Ubiquitous Surfaces, insan deneyimiyle iç içe geçmiş iki tür yüzeyi inceliyor: kent yüzeyleri ve imge
yüzeyleri; mimari cephe ve ekran. Bu ikisi birbirinden ayrı durmaktansa giderek daha çok benzeşiyor;
solan bir bina cephesi artık çözünürlüğü düşen bir imajı andırıyor. Open Space tarafından Londra’da
bulunan Seager Galeri ’de düzenlenen sergi, 30 Kasım 2019 tarihine kadar görülebilir.

Ubiquitous Surfaces, İstanbul merkezli dokuz sanatçının eserlerini Huma Kabakcı Koleksiyonu’nda
yer alan eserlerle bir araya getiriyor. İstanbul’a dair bu görsel sorgulamaları birer vaka çalışması olarak ele alan sergi, imajların kayıt ve üretiminin kentle olan ilişkimizi nasıl şekillendirdiğini inceliyor. Sergi, SALT Galata’da bir araya bir araya gelen ve çalışmalarıyla Ubiquitous Surfaces’ta yer alan Oddviz Kolektifi, Serkan Taycan ve Alper Şen ’in (Artıkişler Kolektifi), gelişen görme biçimleri ve kentleşme konularını tartıştıkları Göz Ardında / Önünde Kent etkinliğini takiben gerçekleşiyor.

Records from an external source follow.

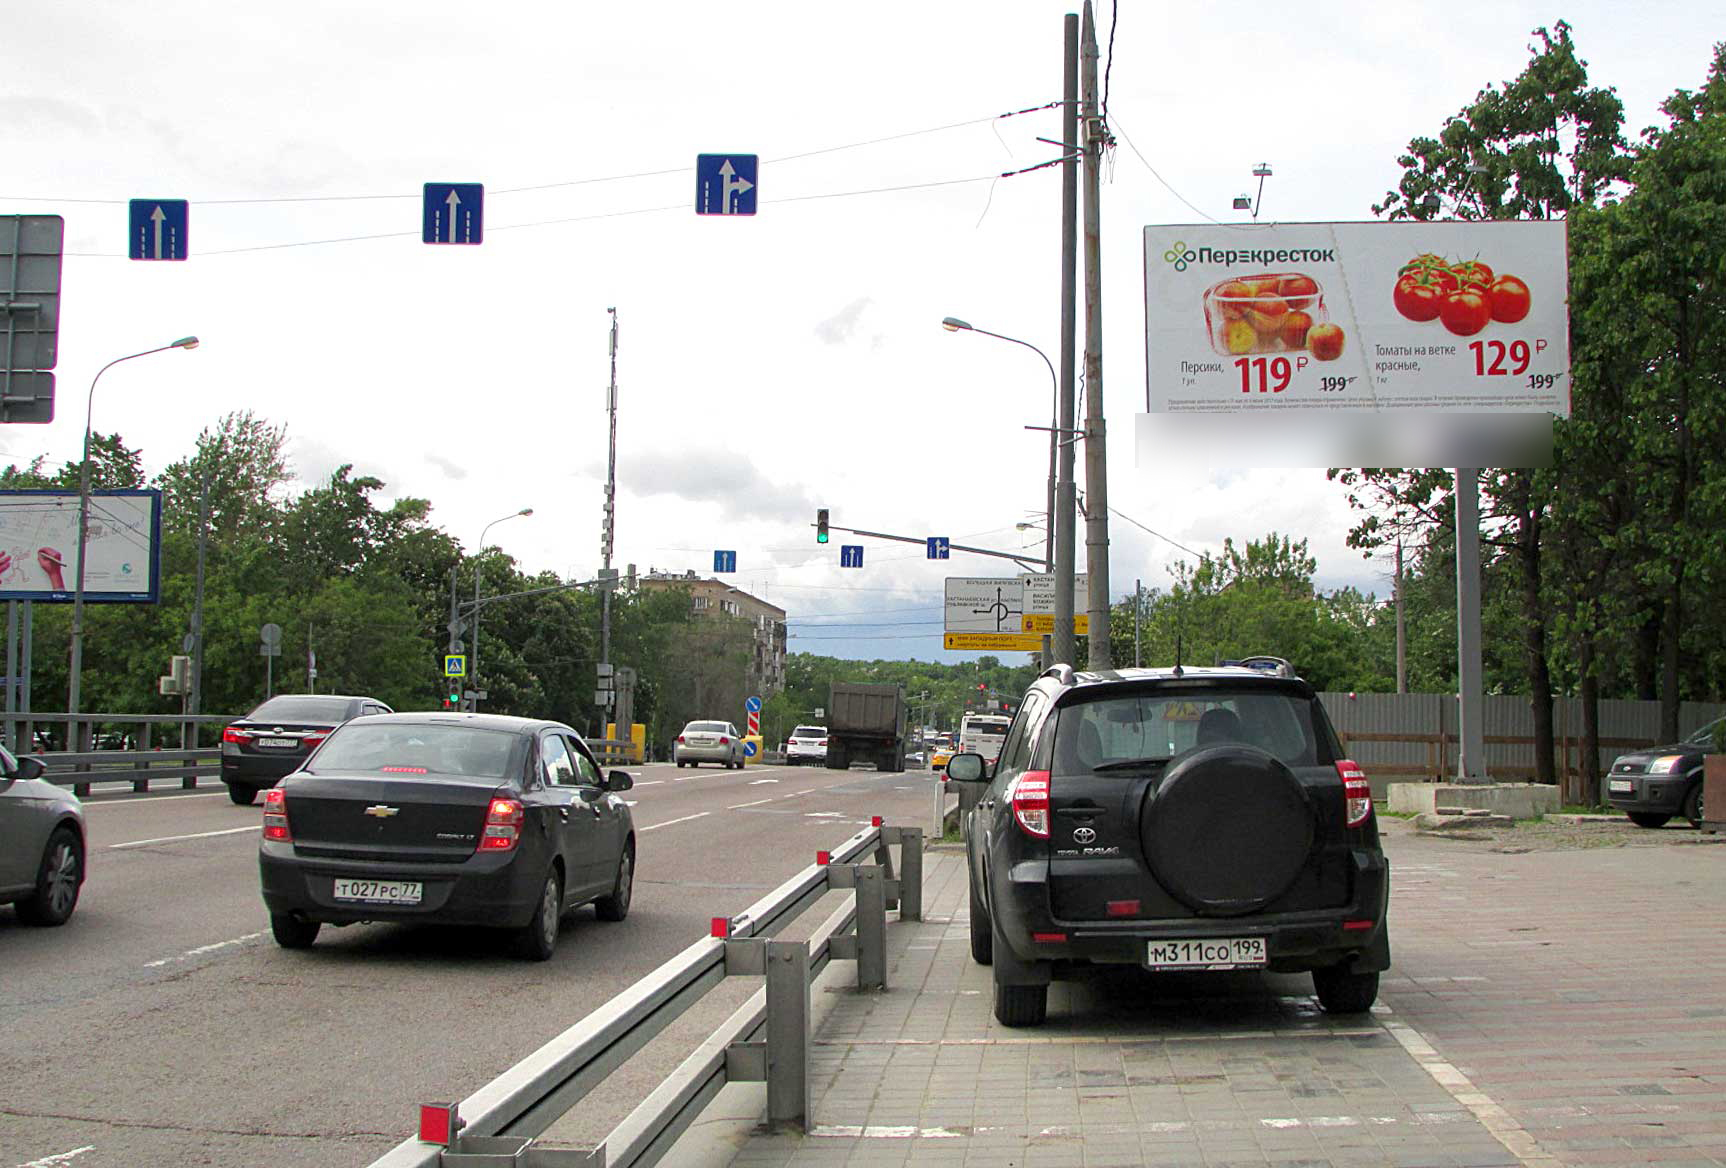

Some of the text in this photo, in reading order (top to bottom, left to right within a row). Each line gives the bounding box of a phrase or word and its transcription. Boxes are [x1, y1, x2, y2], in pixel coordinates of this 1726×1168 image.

[1198, 247, 1335, 268] Перекресток
[1376, 344, 1456, 356] Томаты на ветке
[1468, 339, 1531, 376] 129
[1180, 361, 1225, 376] Персики,
[1234, 356, 1292, 393] 119
[1375, 361, 1421, 373] красные,
[1320, 376, 1346, 392] 199
[402, 883, 418, 897] 77
[1233, 940, 1260, 955] 199

Serkan Taycan, Larissa Fassler ve Erdal Inci ’nin işleri Taksim Meydanı’nı GIF’ten haritacılığa uzanan farklı imgeleme araçlarını kullanarak görselleştiriyor.

Sanatçılar beton açıklık üzerindeki yüzey hareketlerini takip ederek insanların etkileşimlerini gözlemliyor, hatlarını çiziyor ve yeniden düzenliyor.

Oddviz Kolektifi , Kerem Ozan Bayraktar ve Lara Ögel ise siyasal tarihin kaydını tutan duvarların,
binaların ve sokakların yüzeylerine daha yakından bakıyor. Şehir ve sakinleri arasındaki arayüzü
oluşturan bu yüzeyler üzerindeki ifade ve aşınmalar, sanatçıların oyuncul müdahaleleri ile dile geliyor.


Eyüp, Ara Güler, 1975

Ara Güler , Berkay Tuncay , Artıkişler Kolektifi ve Sevgi Ortaç ’ın işleri ise imajların, kentin kolektif görsel hafızasını nasıl oluşturduğunu sorguluyor. Yirminci yüzyıl analog fotoğrafçılığından el kameralarına ve kırık jpeg dosyalarına kadar, imajların anlam ve duyguyu nasıl yaydığını düşündürüyor.

Sanatçıların hepsi bu veri yoğunluğunu işleyerek yeni etkileşimlerin önünü açmak adına, kimi zaman
doğrudan kentin yüzeylerinde oluşan, kimi zaman ise ekranlara aktarılan imajları kaydediyor, belgeliyor,
kopyalıyor, yeniden üretiyor, montajlıyor ve değiştiriyor.